___この町で
古本屋って素敵ですよね
1
「いらっしゃーい」
ここは、すれ違う人の顔が覚えられるくらい小さな町。
僕の名前は、逢坂 恋(おうさか れん)。
古本屋で働いている、家出少年だ。
高校2年に上がってすぐ、昔から短気だった双子の兄が僕に手を挙げたのを理由に、
昔から馴染みがあったこの古本屋に来た。
店長(?)は僕を嫌々ながらも引き取ってくれた。
必要なものだけここに持ってきて、僕はしばらくとどまることを決めた。
「居候なんだから働かねぇと追い出すからな」
と、店長に言われたからこうして働いている。
学校へ行き、帰ったら店番。結構大変だったが、最近ではちょっと慣れてきた。暇潰しにもなるし、何よりあの兄の顔を見なくて済む。それだけで幸せだ
。
「あら、今日は店長さんいないのね」
ぼーっとしていたら、客が来たようだった。
「店長なら奥に居ますけど、呼びましょうか」
「いいえ、結構よ。特に用はないから」
随分、おとなしい人だった。
見た目的には、僕と同じ年ぐらいなのに。
「あなた、私と同い年ね」
「え、」
断定してきた。え、なんで、僕なんか年齢特定できるものつけてたっけ。
「制服、私とおんなじ高校のね。名札の色も一緒。だけど、まだ同じクラスになった事はないわね。不思議、2クラスしかないのに」
そう言ってくすくす笑う彼女は確かに、僕と同じ高校の制服を着ていた。
そして、名札は緑。2年っていう印。
名前は、出雲 日和(いずも ひより)。
「じゃあ、また来ますね」
にっこりして彼女は帰って行った。
「てんちょぉーお、出雲さんっていう人が来たんだけど」
「あ、そう。呼んでくれればよかったのに。渡すものがあったから」
「そうだよね、何で呼ばなかったんだろう。店長に用がある感じだったのに、何で」
何で僕は、彼女ともっと話したいと思ったんだろう...
学校でまた、会えるかな
2
冬の匂いがした。
季節が過ぎるのはすごく早い。
特に秋なんて、つい最近の熱さが嘘のようだ。寒すぎ。
「ズビッ、さっびー。てんちょぉー、暖房とかないのー」
「お前をここに置くだけで大変なんだ。我慢しろ。できねぇなら出ていけばいいさ」
痛いところついてくるなぁー。
「へぇへぇ、おとなしく学校行きますよっと」
僕がそういうと、店長はすごくいやらしい目をしていた。
「なんだよ」
「いや、別に。日和に会えたらいいな」
「はぁ!?
…もう知らん、行ってきます!!!」
(バタバタバタ)
「転ぶなよー、いってら」
店長の声はもう、聞こえないくらい、それくらい僕は羞恥に満ちていた。
そりゃ、彼女の事は少し気になる、けど、別に、そんな、そこまでじゃない。はず。なのに
「寒い、のに、あっつい、なんで、なんで!?」
熱をごまかすため、走った。しばらくぶりに走った気がする。息がすぐに切れる。
でも、頭の中はあの人でいっぱいだった。
『出雲日和』
知り合い少ないけど、頑張って、誰かに聞こう。彼女のクラスとか。そして、頑張って仲良くなりたいな。昨日まで嫌いだった学校が、たった一度、女の子に会っただけでこんなに足が進むようになるなんて...

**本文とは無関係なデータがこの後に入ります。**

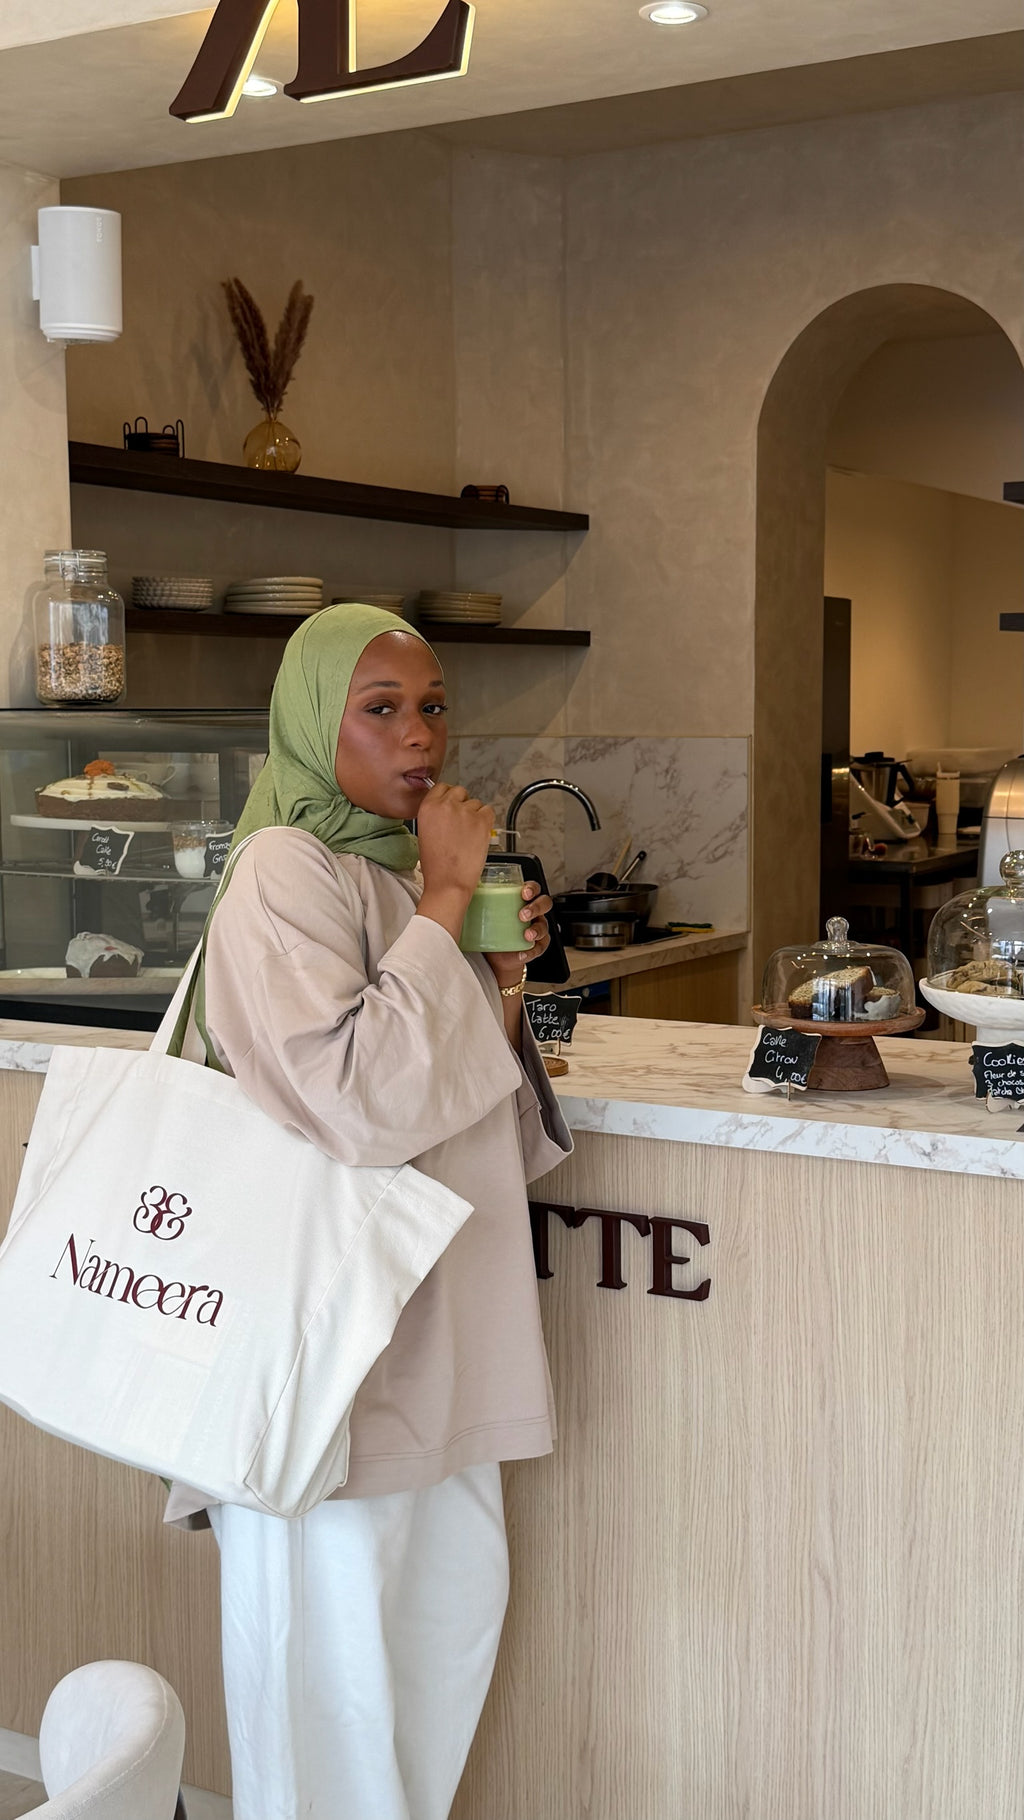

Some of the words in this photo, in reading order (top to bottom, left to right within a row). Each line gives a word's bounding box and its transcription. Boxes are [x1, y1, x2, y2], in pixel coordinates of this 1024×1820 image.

一目ぼれ…「とか、きっしょおおおおおおおおおおおおおおおおおおああああああああああああああああああああああ」
あああああああ、体中掻き毟りたい!!!もうやだ、乙女か!!!!!きっもおおおおおおおおおおお!!!!
「ああああああああああああああああああああああああああああああ!!!!!!!!!!!!!」
僕は、近所のひとにじろじろ見られながら、奇声を発しながら、全力疾走で校門を目指した。